Der Ausdruck Mykoplasmen (Singular: Mykoplasma) ist die umgangssprachliche deutsche Bezeichnung für die sehr kleinen (0,2–0,3 µm) Vertreter der Klasse der Mollicutes (von lateinisch mollis „weich“ und cutis „Haut“, „die Weichhäutigen“). Im Gegensatz zu allen anderen Bakterien fehlt ihnen eine Zellwand (sie enthalten kein Peptidoglycan). Sie leben aerob bis fakultativ anaerob und sind von vielgestaltiger (pleomorpher), veränderlicher, bläschenförmiger Gestalt.

Mycoplasma

Mycoplasma gallisepticum

Systematik
Domäne: Bakterien (Bacteria)
Stamm: Tenericutes
Klasse: Mollicutes
Ordnung: Mycoplasmatales
Familie: Mycoplasmataceae
Gattung: Mycoplasma
Wissenschaftlicher Name
Mycoplasma
Nowak 1929

Mycoplasma (von altgriechisch μύκης mýkēs „Pilz“ sowie πλάσμα plásma „das Geformte“),[1] ist eine Gattung der Mycoplasmataceae, der einzigen Familie der Ordnung Mycoplasmatales, welche zur Klasse der Mollicutes gehört (s. u.).

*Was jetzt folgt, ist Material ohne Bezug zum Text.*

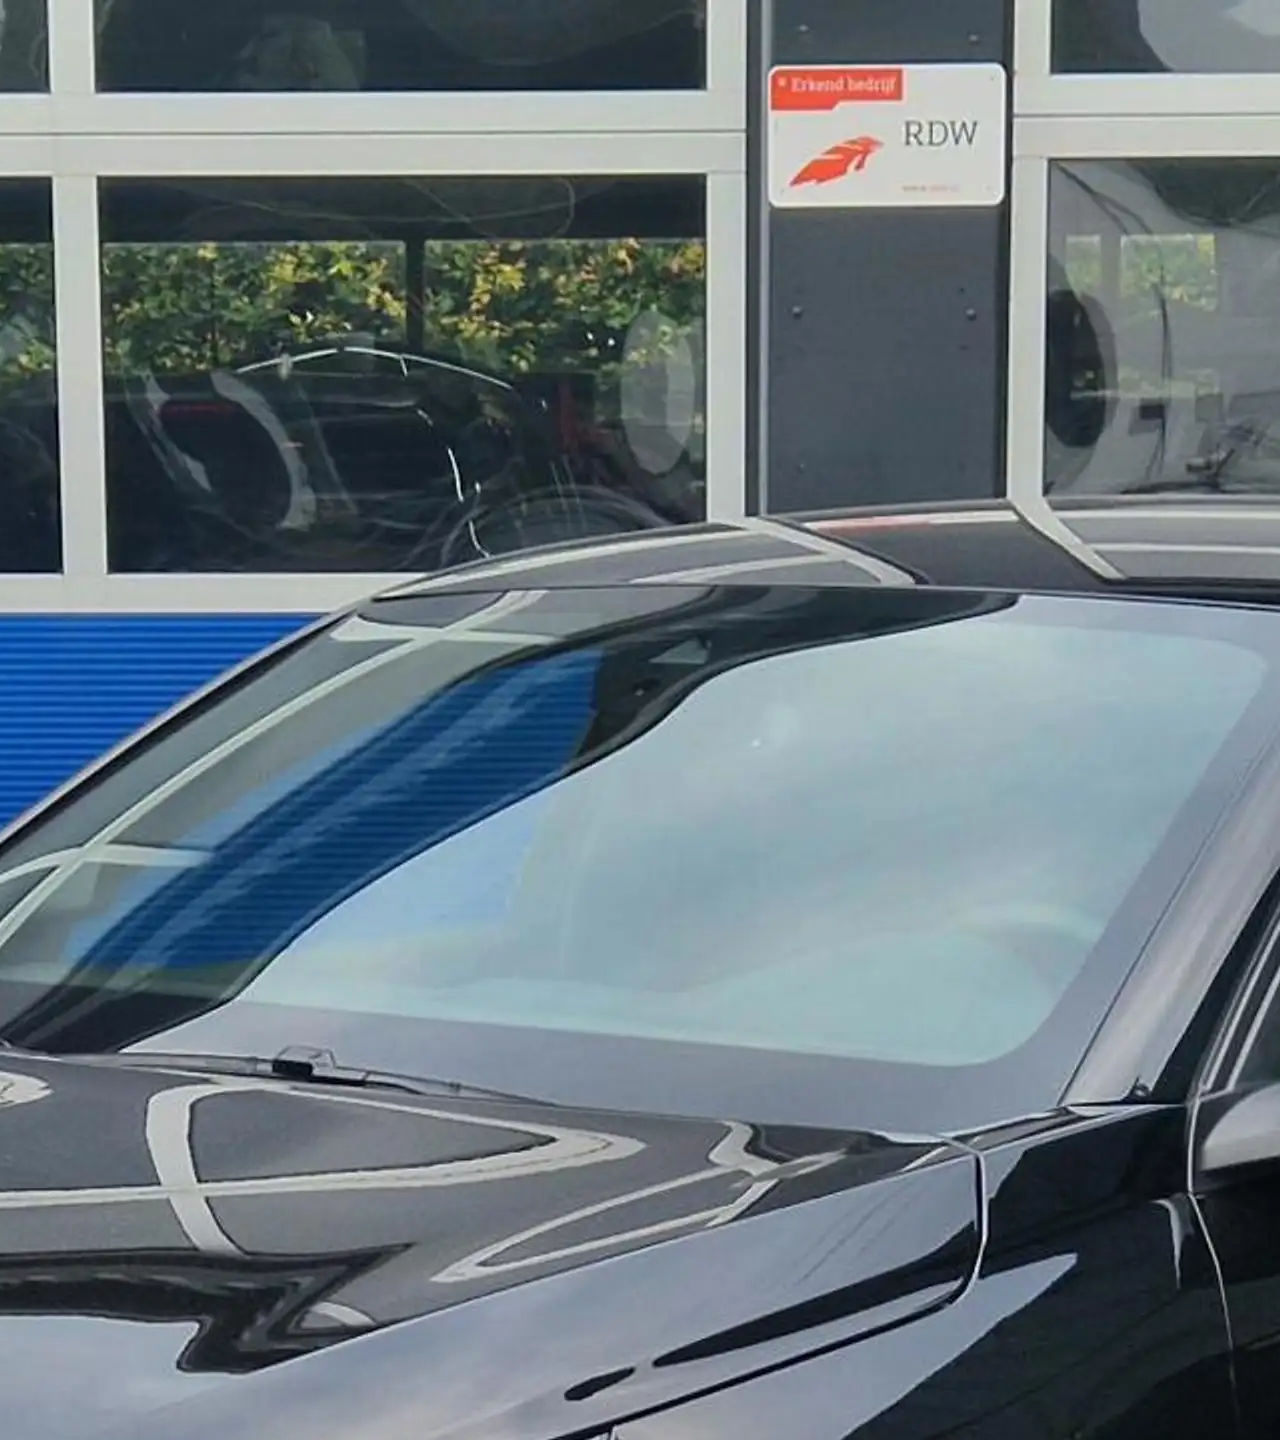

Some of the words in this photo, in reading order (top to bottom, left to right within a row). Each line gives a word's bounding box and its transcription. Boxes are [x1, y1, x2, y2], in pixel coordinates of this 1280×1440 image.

[791, 76, 843, 93] Erkend
[847, 74, 897, 96] bedrijf
[903, 120, 978, 147] RDW

Mykoplasmen (Mollicutes) sind meist parasitär, intra- und extrazellulär lebende Bakterien, die beim Menschen und Wirbeltieren die Ursache für zahlreiche Krankheiten sind. Wenige Arten sind Kommensalen oder opportunistische Krankheitserreger. Die erste Art wurde 1898 von kranken Rindern isoliert und beschrieben. Die häufig beobachteten pilzähnlichen Fadenformen waren namensprägend für die Gattung Mycoplasma. In der Humanmedizin gelang erst 1962 die Zuordnung der Art Mycoplasma pneumoniae zu einer Erkrankung.[1]

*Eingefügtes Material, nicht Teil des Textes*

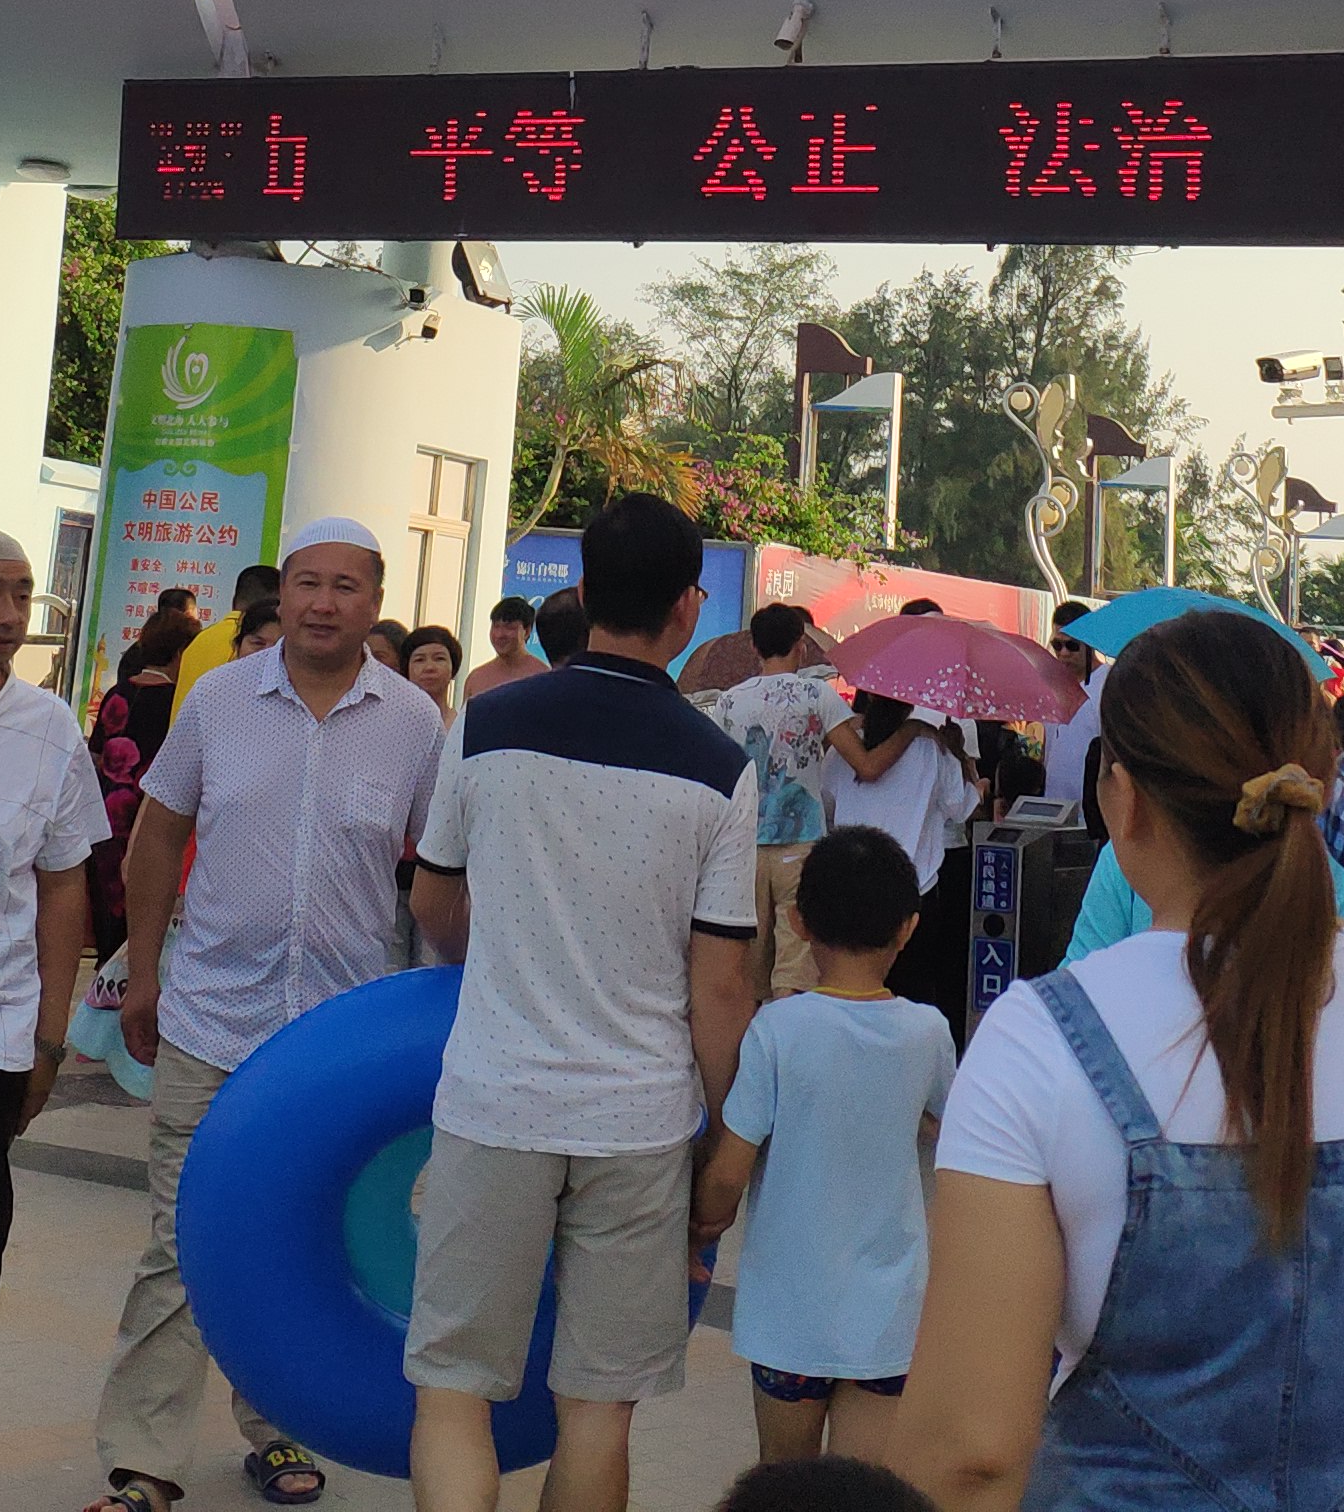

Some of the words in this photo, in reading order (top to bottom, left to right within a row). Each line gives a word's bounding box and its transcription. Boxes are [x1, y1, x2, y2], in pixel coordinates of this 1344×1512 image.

[409, 110, 587, 202] 平等
[693, 104, 880, 201] 公正
[999, 100, 1213, 201] 法治
[142, 489, 220, 513] 中国公民
[122, 520, 239, 547] 文明旅游公约
[981, 943, 1004, 995] 入口

Mit einer Größe von 580–1.380 kbp haben die Gattungen Mycoplasma und Ureaplasma das kleinste Genom der zur Auto-Replikation befähigten Prokaryoten mit Ausnahme des Tiefsee-Archaeons Nanoarchaeum equitans (~500 kbp) und des in Blattflöhen lebenden Endosymbionten Carsonella ruddii (etwa 160 kbp). Ihr Genom weist meist einen relativen niedrigen Guanin-Cytosin(GC)-Gehalt auf und ihre Zellmembran enthält Cholesterin, das sonst nur bei Eukaryoten gefunden wird.[1][2]

Klassifizierung

Die Gattung Mycoplasma zählt zur Familie der Mycoplasmataceae, welche zur Klasse der Mollicutes (umgangssprachlich Mykoplasmen) gehört. Die Klassifizierung dieser zellwandlosen, oft parasitischen oder endosymbiotischen Bakterien ist schwierig. Zunächst wurden die Mollicutes als Klasse in das Phylum (Stamm) Firmicutes gestellt, dann auf der Grundlage von 16S-rRNA-Analysen als eigenständiges Phylum Tenericutes abgetrennt (vgl. Systematik der Bakterien).[3] Nach neuesten Genomvergleichen allerdings werden sie wieder den Firmicutes zugeordnet.[4]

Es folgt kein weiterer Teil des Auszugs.